Available records START

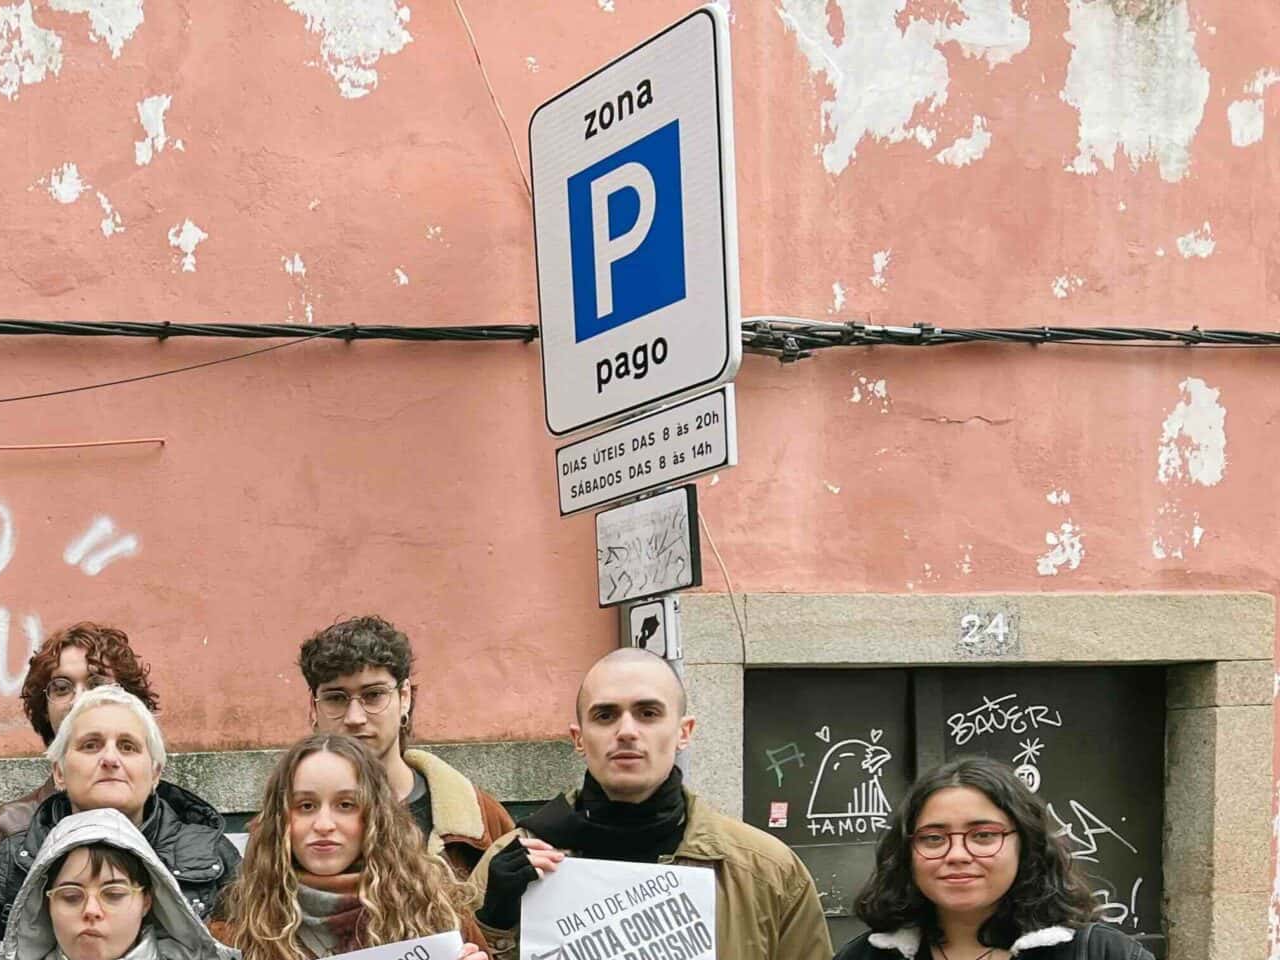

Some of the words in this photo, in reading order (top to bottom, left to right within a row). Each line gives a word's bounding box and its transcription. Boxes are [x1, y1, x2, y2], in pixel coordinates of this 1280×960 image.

[583, 79, 653, 140] zona
[590, 161, 656, 319] P
[596, 337, 668, 393] pago
[562, 457, 587, 477] DIAS
[593, 443, 625, 466] ÚTEIS
[632, 434, 655, 453] DAS
[662, 427, 670, 441] 8
[676, 422, 689, 438] às
[695, 411, 719, 430] 20h
[570, 470, 622, 499] SÁBADOS
[628, 460, 652, 480] DAS
[659, 454, 667, 469] 8
[672, 449, 685, 465] às
[691, 441, 712, 460] 14h
[960, 611, 1009, 643] 24
[556, 913, 586, 937] DIA
[583, 903, 605, 925] 10
[604, 893, 628, 915] DE
[624, 871, 680, 907] MARÇO
[620, 892, 701, 947] CONTRA
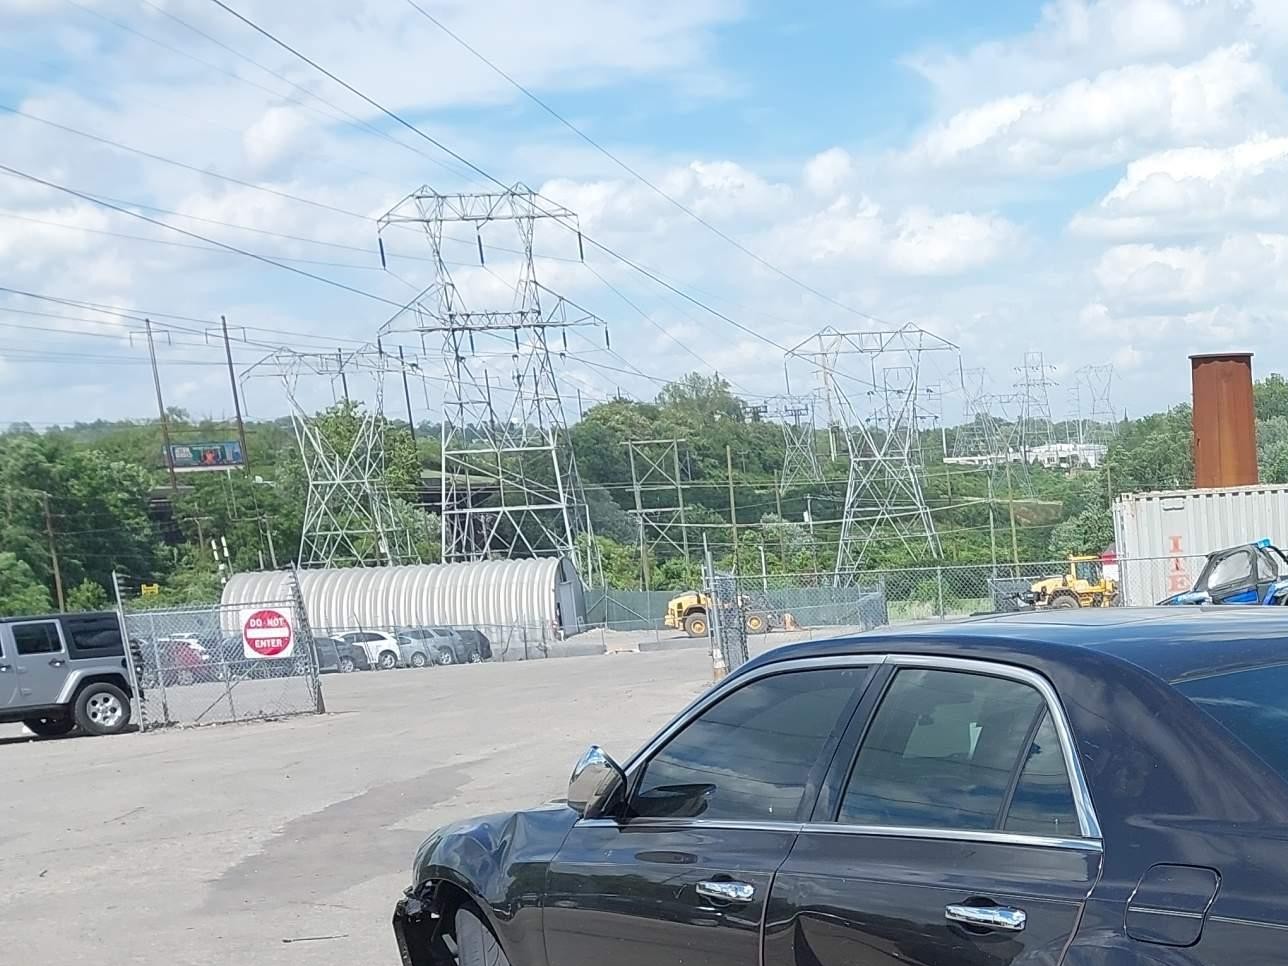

Available records END

> _Exercise_: Omit every picture while transcribing the records above exactly.

> _Response box_:
Some of the words in this photo, in reading order (top to bottom, left to right within a row). Each line gives a word's bounding box and its transcription. Boxes are [x1, y1, x2, y2], in pixel coordinates of this 1280×960 image.

[583, 79, 653, 140] zona
[590, 161, 656, 319] P
[596, 337, 668, 393] pago
[562, 457, 587, 477] DIAS
[593, 443, 625, 466] ÚTEIS
[632, 434, 655, 453] DAS
[662, 427, 670, 441] 8
[676, 422, 689, 438] às
[695, 411, 719, 430] 20h
[570, 470, 622, 499] SÁBADOS
[628, 460, 652, 480] DAS
[659, 454, 667, 469] 8
[672, 449, 685, 465] às
[691, 441, 712, 460] 14h
[960, 611, 1009, 643] 24
[556, 913, 586, 937] DIA
[583, 903, 605, 925] 10
[604, 893, 628, 915] DE
[624, 871, 680, 907] MARÇO
[620, 892, 701, 947] CONTRA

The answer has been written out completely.